Type 2 Diabetes Progression
Here’s why your diabetes may require more medication
Garry Bieringer was 50 when his doctor told him he had type 2 diabetes. The diagnosis, based on a routine blood test, came as a surprise: Bieringer hadn’t noticed any symptoms. “The doctor just came in and said, ‘I think you have diabetes,’ ” Bieringer recalls.
In the 16 years since, Bieringer’s gone through a process that may be discouragingly familiar to many people with type 2, which affects nearly 28 million Americans. Every few years, his diabetes treatment changes. “It’s my pattern,” he says. “Once I start, after a little while the medication loses effectiveness.”
At first Bieringer took metformin, the drug typically used first to control blood glucose levels in people with type 2 diabetes. After a few years, two more drugs—pioglitazone (Actos) and glyburide (Micronase)—were added to his medication cocktail.
Six years went by, and Bieringer’s doctor recommended a change. The pills that had worked at first were no longer enough to control his blood glucose. Today, he’s no longer on pioglitazone or glyburide. Instead, he takes metformin, injections of a long-acting insulin, fast-acting insulin shots before meals, and a daily shot of exenatide (Byetta), a drug designed to increase his body’s insulin secretion and slow his digestion.
Like many people with type 2 diabetes, Bieringer had a hard time hearing the news that he needed to move from oral medication to shots. “I felt I was failing,” he says. “But my diabetes educator said I wasn’t failing. It was just my body reacting.” Those words of wisdom helped Bieringer come to grips with the steadily increasing demands of his condition.
Chain of Events
For people with type 2, the years after diagnosis almost inevitably bring more intense regimens of oral medication, and sometimes insulin or other injectables as well. “Diabetes is a progressive disease, and often the first agent is not sufficient,” says Kieren Mather, MD, an Indiana University endocrinologist.
Researchers understand the basics of type 2 well. It all comes down to how the body makes and uses insulin, the hormone that tells the body’s cells to absorb glucose from the bloodstream as fuel.
Insulin is produced by beta cells, specialized cells located in the pancreas. When the pancreas can’t produce enough insulin to control blood glucose, diabetes results. “Type 2 diabetes is caused by multiple metabolic defects, but the fundamental problem is the inability of beta cells to make enough insulin for the body’s needs,” says Ravi Retnakaran, MD, an endocrinologist at the Lunenfeld-Tanenbaum Research Institute at Toronto’s Mount Sinai Hospital.
There are two factors at play. First, the body becomes less sensitive to insulin’s commands. That’s what’s called insulin resistance. Second, to get the body’s attention, the “signal” has to get louder—the beta cells in the pancreas have to pump out more insulin, in other words. “What changes is beta cell response,” says Mather. “At first, it improves, to keep things normal in the face of insulin resistance.” If sensitivity to insulin doesn’t improve, the beta cells work harder to produce more insulin.

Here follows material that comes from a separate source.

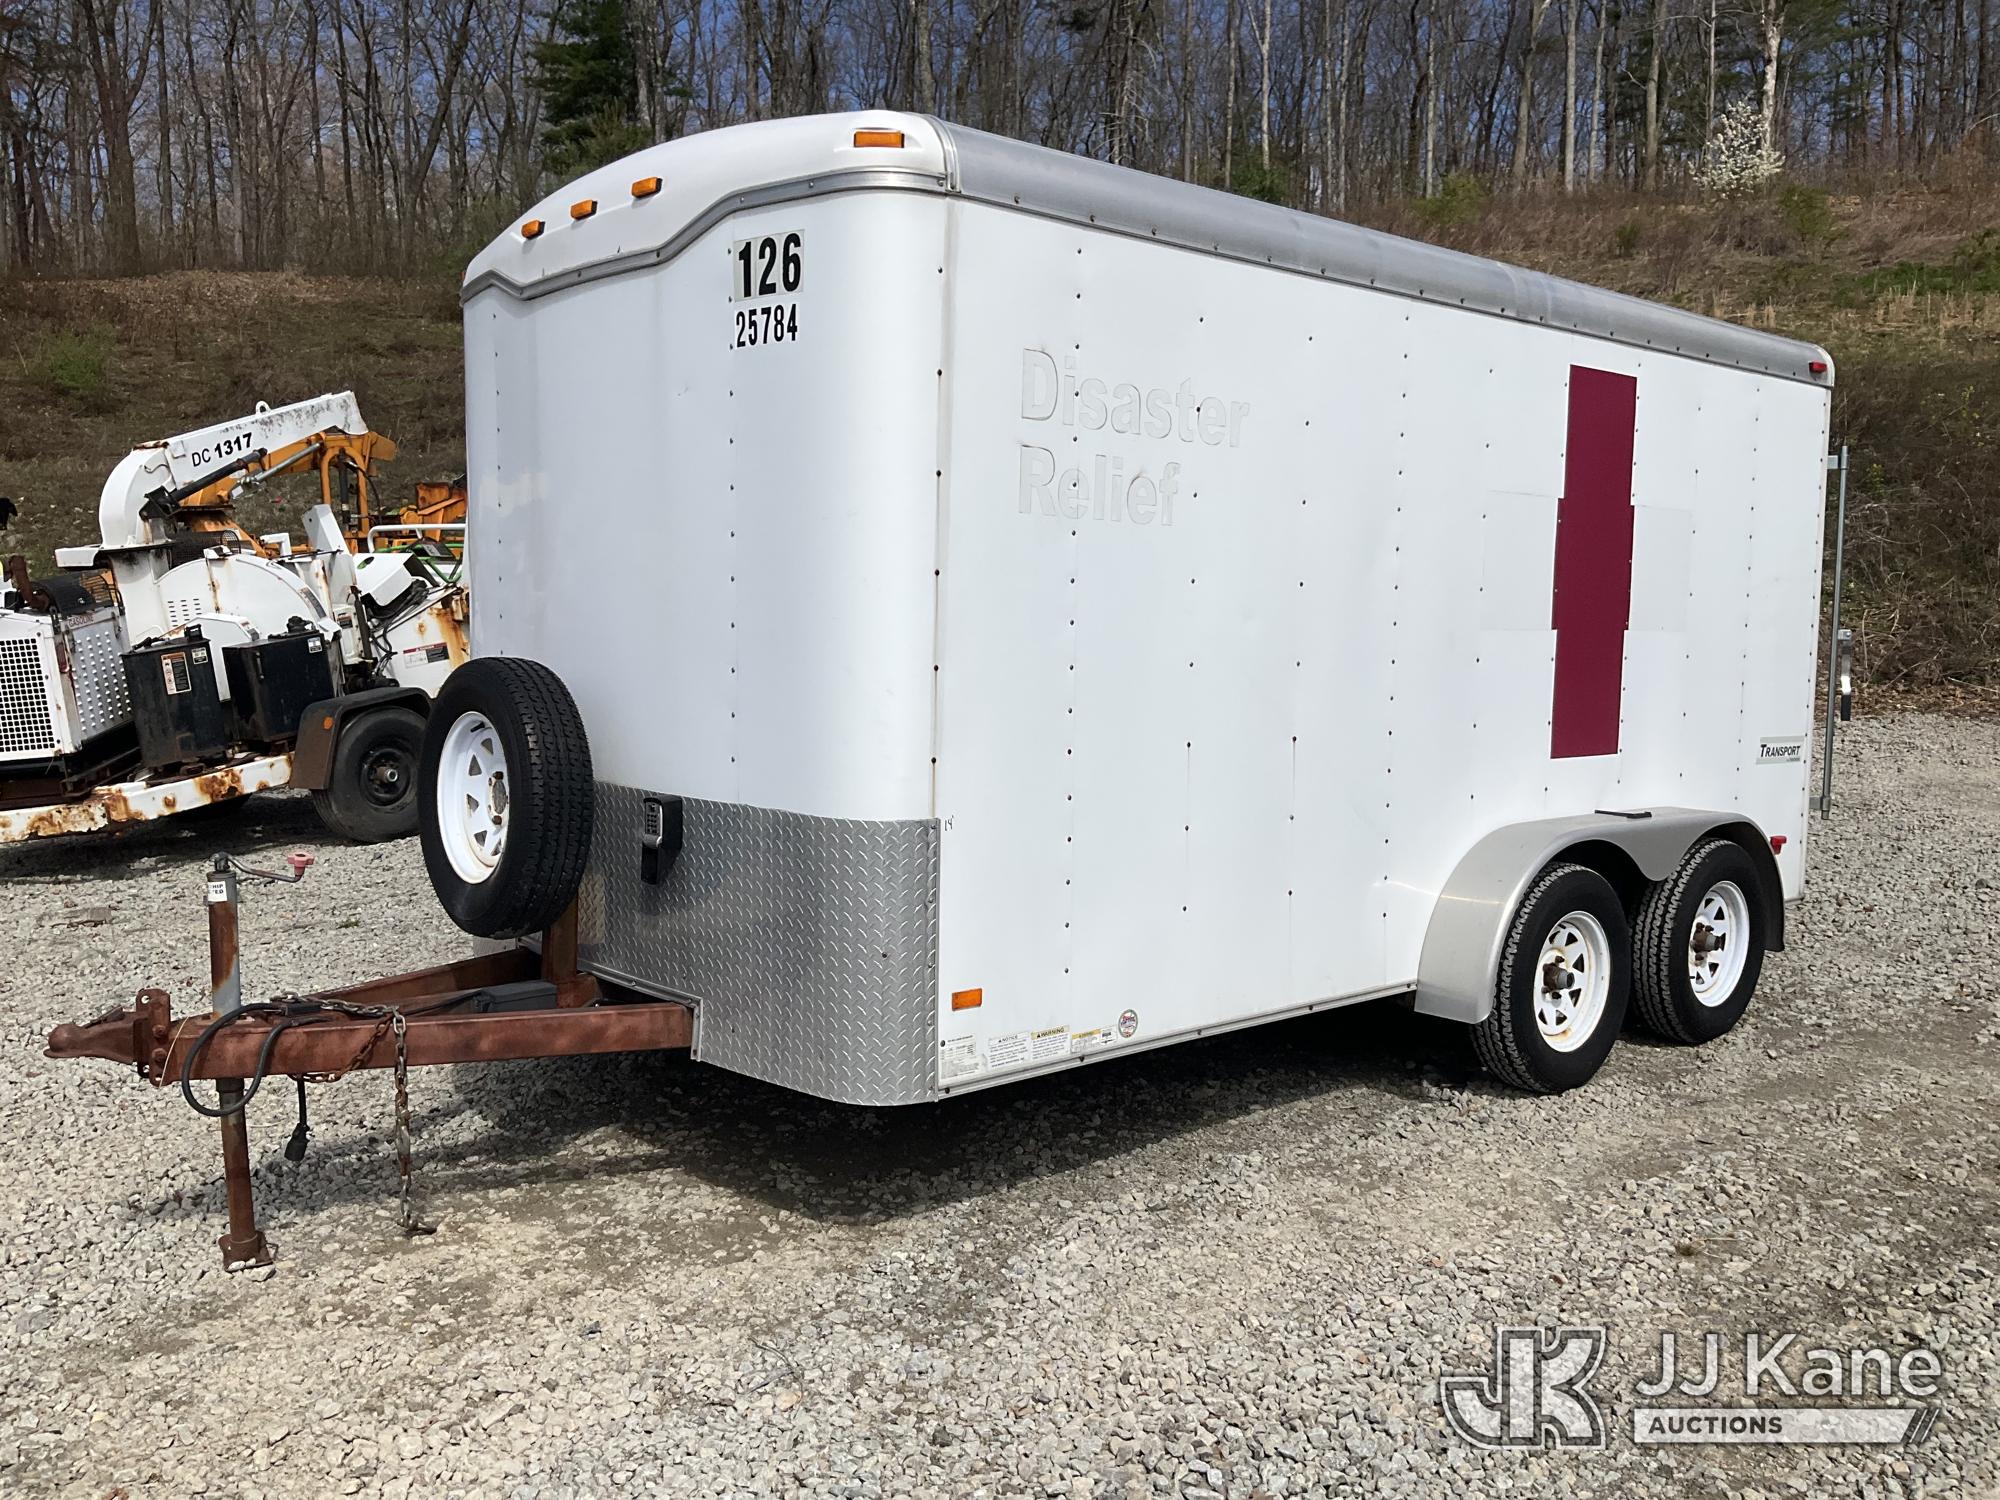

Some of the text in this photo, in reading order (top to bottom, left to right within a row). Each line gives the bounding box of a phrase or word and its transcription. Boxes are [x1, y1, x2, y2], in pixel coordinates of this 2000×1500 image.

Unlike people with type 1 diabetes, people with type 2 still have functioning beta cells in the early stages of the disease. Patients usually have no idea their pancreas is struggling to keep up until a doctor flags their blood glucose levels. “People have often had [type 2] diabetes for longer than they realize,” Retnakaran says. “Diabetes is silent.”

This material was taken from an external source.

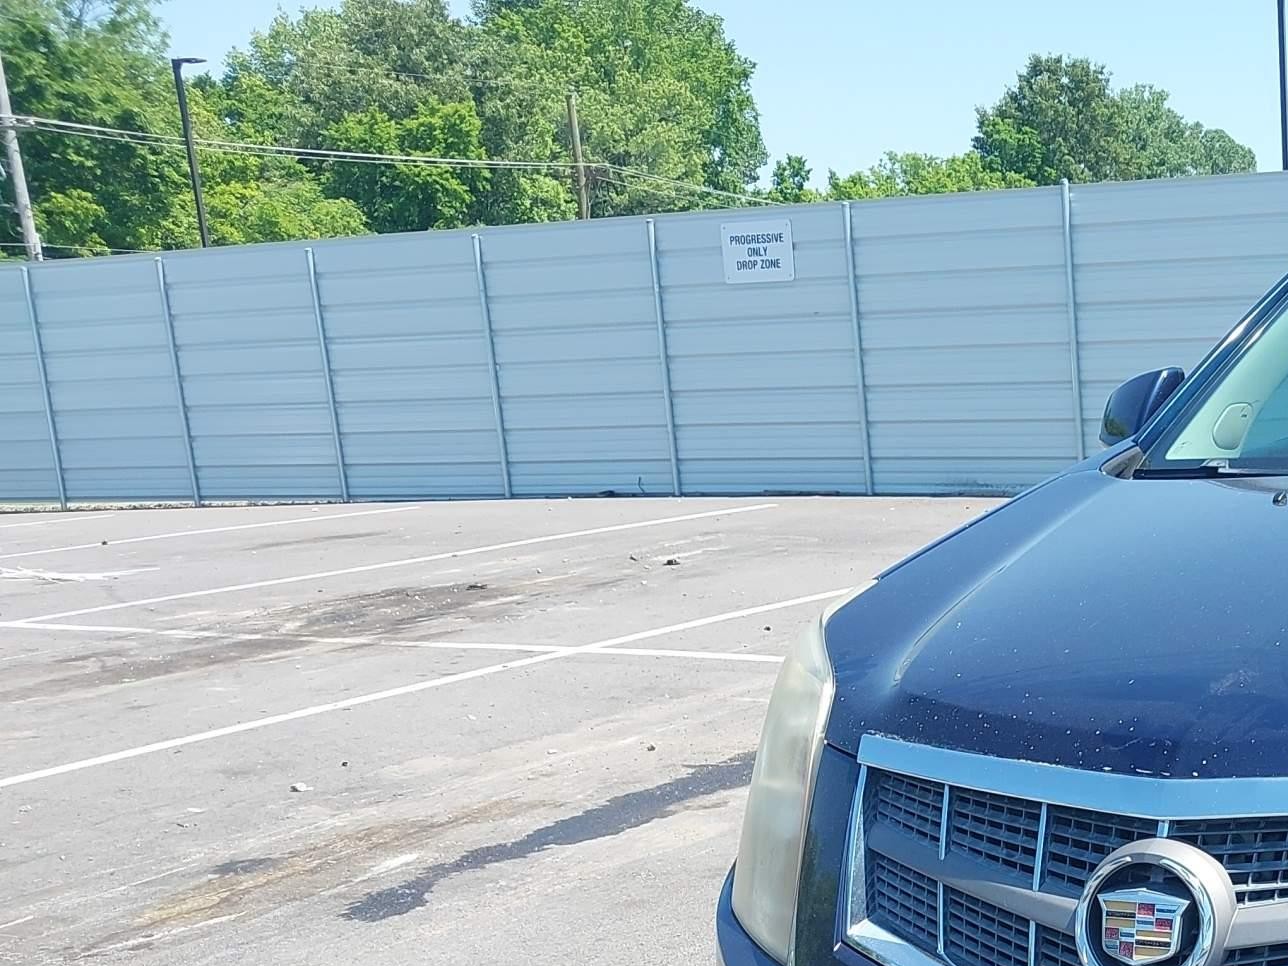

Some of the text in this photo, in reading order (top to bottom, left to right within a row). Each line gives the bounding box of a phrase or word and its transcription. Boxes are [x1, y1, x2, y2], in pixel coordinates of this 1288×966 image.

[729, 232, 784, 245] PROGRESSIVE
[747, 246, 768, 257] ONLY
[736, 258, 782, 271] DROP ZONE

Because of their insulin resistance, people in the early phases of type 2 diabetes might even have highly functional beta cells—but not functional enough. “In a person who’s now officially diabetic, beta cell function might be twice what a nondiabetic individual has, but still not sufficient for that person,” Mather says.
As long as there are still functional beta cells, type 2 diabetes can be treated by tackling the body’s insulin resistance. Exercise and weight loss have been shown to make the body more responsive to its own insulin. Metformin works in other ways to keep less of your body’s stored glucose from entering the blood.

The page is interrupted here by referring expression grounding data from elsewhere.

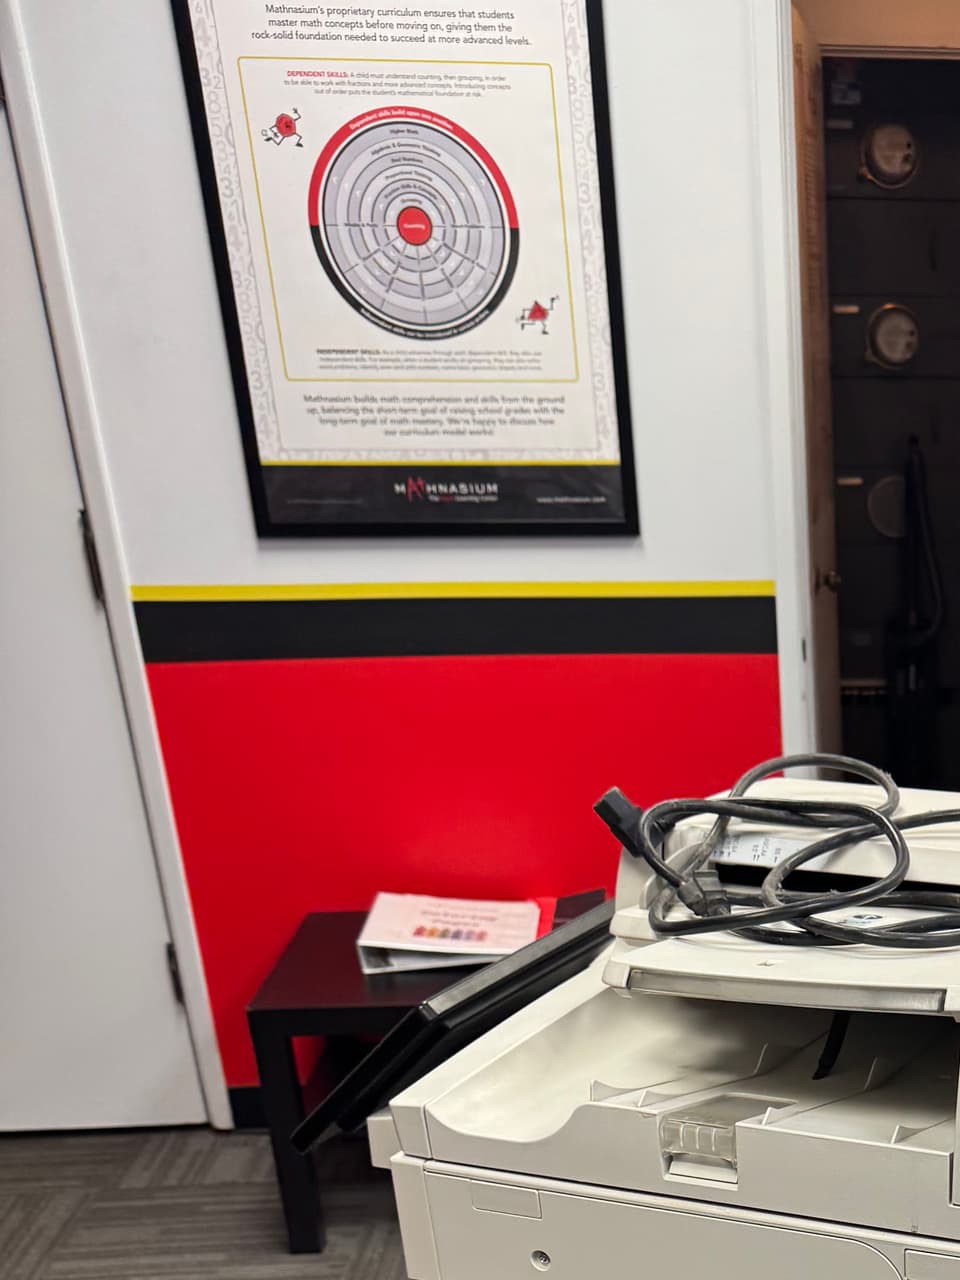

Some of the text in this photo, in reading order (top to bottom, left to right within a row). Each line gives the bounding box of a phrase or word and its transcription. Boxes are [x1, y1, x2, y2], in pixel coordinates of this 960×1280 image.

[264, 4, 514, 19] Mathnasium's proprietary curriculum ensures that students
[268, 18, 512, 34] master math concepts before moving on, giving them the
[251, 30, 294, 39] rock-solid
[294, 31, 342, 41] foundation
[344, 32, 376, 41] needed
[378, 32, 388, 42] to
[390, 33, 424, 43] succeed
[428, 33, 436, 43] at
[462, 34, 502, 44] advanced
[504, 35, 532, 45] levels.
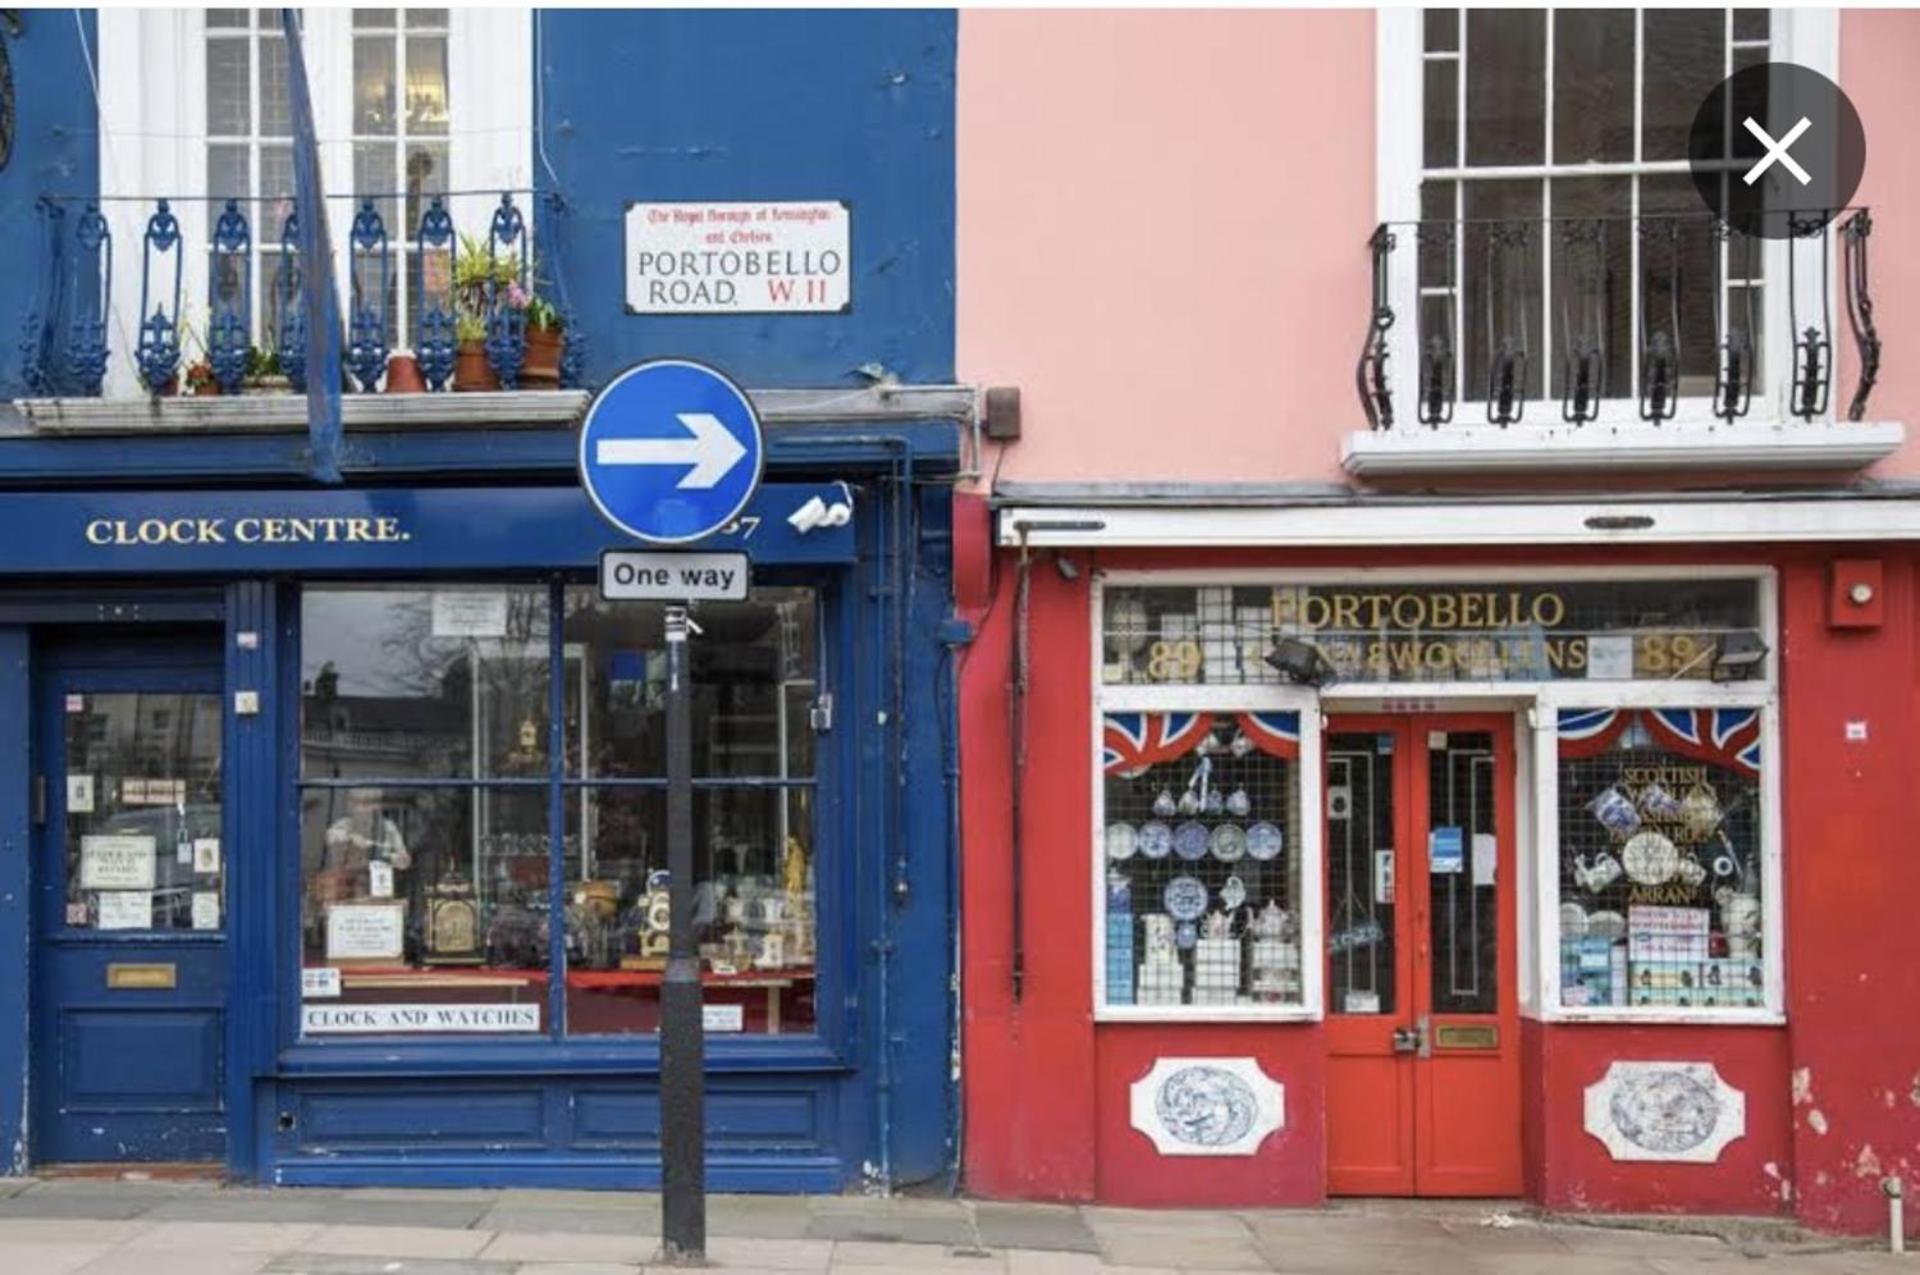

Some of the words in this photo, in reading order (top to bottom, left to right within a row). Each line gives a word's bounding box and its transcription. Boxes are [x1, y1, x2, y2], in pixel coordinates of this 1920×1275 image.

[639, 250, 842, 276] PORTOBELLO
[85, 519, 226, 544] CLOCK
[233, 517, 412, 542] CENTRE.
[719, 516, 761, 540] 7
[614, 562, 670, 586] One
[681, 569, 735, 590] way
[1272, 594, 1565, 629] PORTOBELLO
[308, 1010, 376, 1026] CLOCK
[389, 1010, 429, 1026] AND
[437, 1009, 536, 1026] WATCHES

But as Bieringer’s experience shows, as time goes on, metformin might not be enough. With insulin resistance still an issue, it’s hard for the pancreas to sustain its above-normal insulin output. “For whatever reason, the function of beta cells worsens over time,” Retnakaran says.
As the beta cells pump out more and more insulin to compensate for the body’s insulin resistance, they sometimes start to falter and fail. “The typical course is that the patient will require more and more antidiabetic medications over time, in the absence of which sugars will rise,” says Retnakaran. “Meanwhile the beta cells are worsening.”
That beta cell failure is responsible for what can feel like an unwinnable race for people with type 2 diabetes. “The overload leads to progressive dysfunction,” Mather says. “It’s like heart disease—the pancreas keeps working too hard and wears out.”
The Theory of Everything
Despite decades of research in thousands of labs around the world, why some people’s beta cells wear out and some don’t is still a mystery. “There’s a change in beta cell function, but we don’t know what makes it so some people can compensate and other people [can’t],” says Mather. “There [are] a lot of ideas, but not a lot of clear evidence.”
One theory is that as the beta cells falter early in type 2, the rising level of glucose in the blood causes a sort of chain reaction. The high glucose is toxic to the beta cells, hastening their failure and death. As they die, blood glucose gets harder to control—and the process speeds up. Research has shown that lowering glucose levels is enough to bring back some beta cell function.
Another possibility is that the immune system is playing a role in beta cell decline. In this scenario, the beta cells might be under attack from the immune system. It’s not unlike what happens in type 1 diabetes, except in the case of type 2, high levels of glucose in the blood might be what sets off the immune reaction. “Perhaps high glucose makes the beta cells poke their heads up above the Whac-a-Mole hole, and now they’re a target,” Mather says. “It may be that there’s a systemic inflammation, and a targeted immune response.”
Genetics could also play a role. Researchers have connected over 70 different genes to type 2 diabetes, though the interplay between them all is nearly impossible to tease apart.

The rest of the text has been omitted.